Reproduce all the records word for word. Omit images.

[Phrase grounding data]
• • •

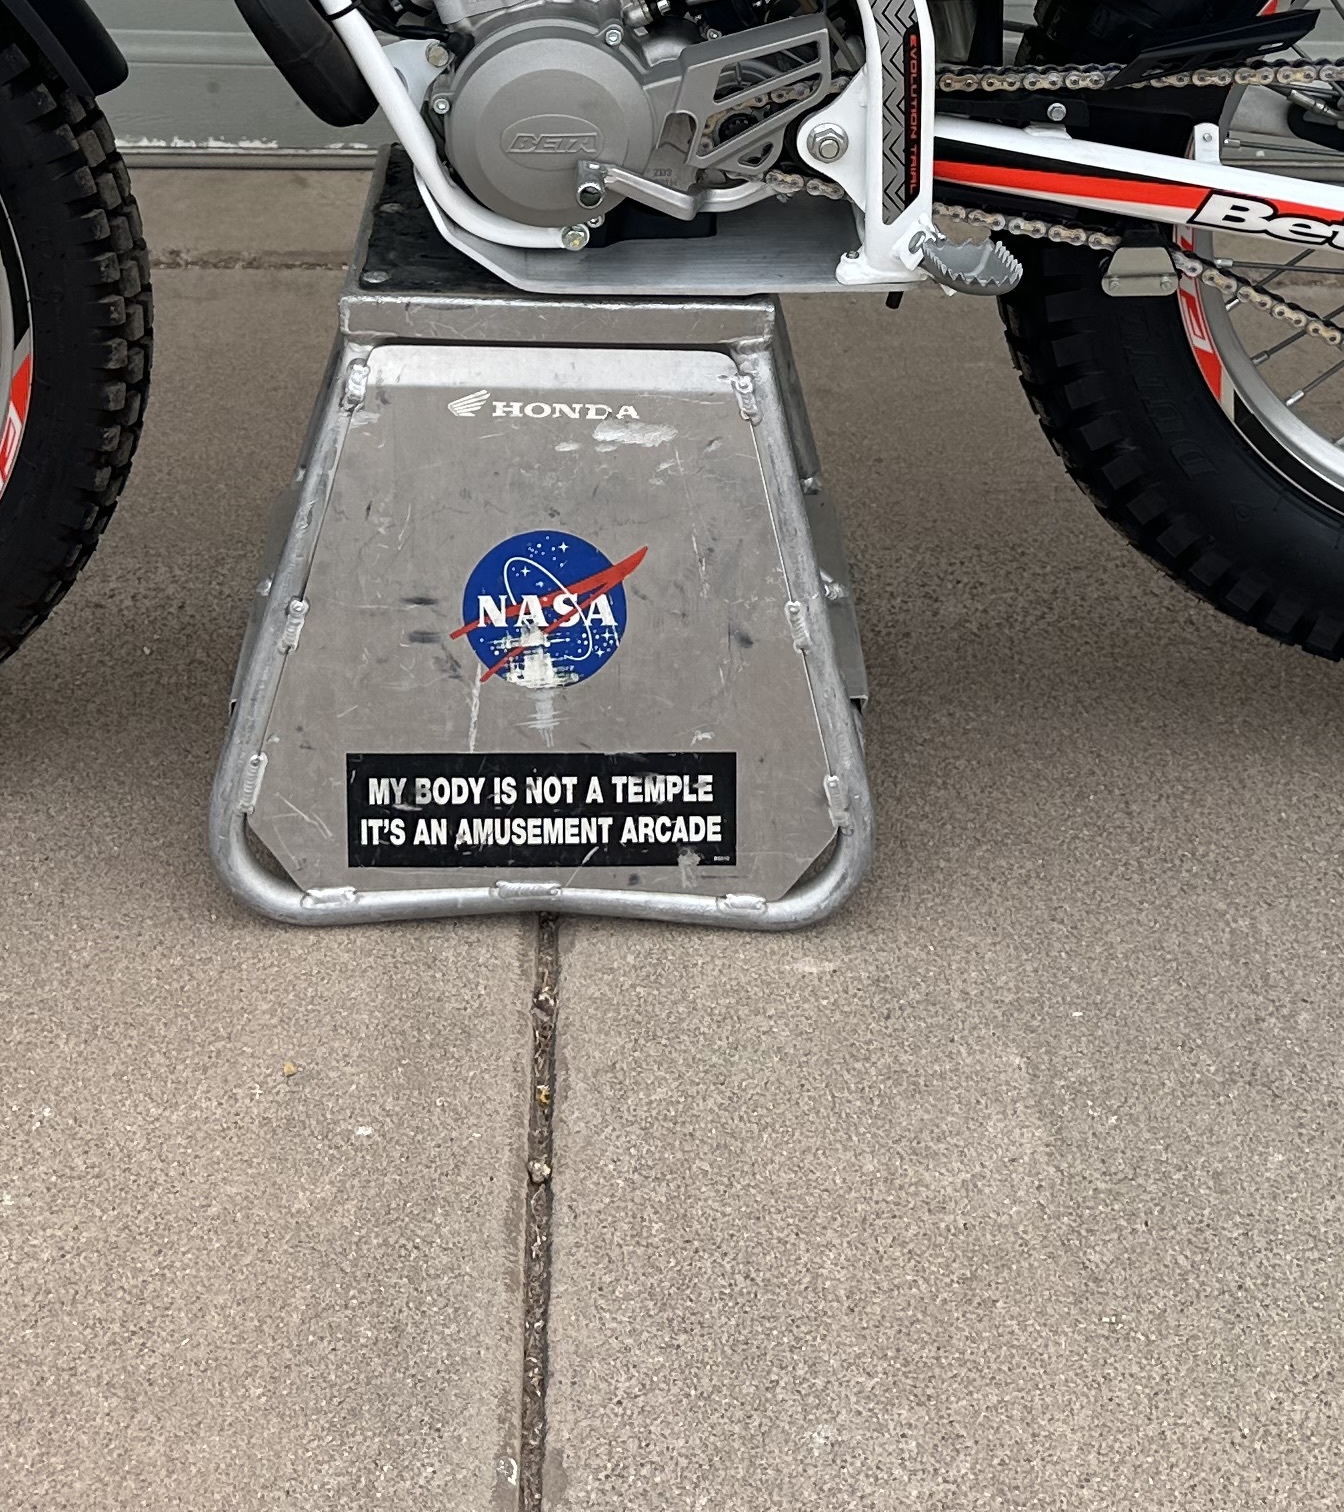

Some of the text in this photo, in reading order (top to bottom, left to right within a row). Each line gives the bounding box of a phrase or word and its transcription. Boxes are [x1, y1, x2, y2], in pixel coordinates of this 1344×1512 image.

[909, 33, 917, 195] EVOLUTION TRIAL
[506, 132, 598, 154] BETA
[492, 399, 640, 422] HONDA
[478, 593, 618, 629] NASA
[368, 774, 714, 805] MY BODY IS NOT A TEMPLE
[360, 815, 723, 845] IT'S AN AMUSEMENT ARCADE

• • •

## WRITTEN ANSWER
Some of the text in this photo, in reading order (top to bottom, left to right within a row). Each line gives the bounding box of a phrase or word and its transcription. Boxes are [x1, y1, x2, y2], in pixel coordinates of this 1344×1512 image.

[909, 33, 917, 195] EVOLUTION TRIAL
[506, 132, 598, 154] BETA
[492, 399, 640, 422] HONDA
[478, 593, 618, 629] NASA
[368, 774, 714, 805] MY BODY IS NOT A TEMPLE
[360, 815, 723, 845] IT'S AN AMUSEMENT ARCADE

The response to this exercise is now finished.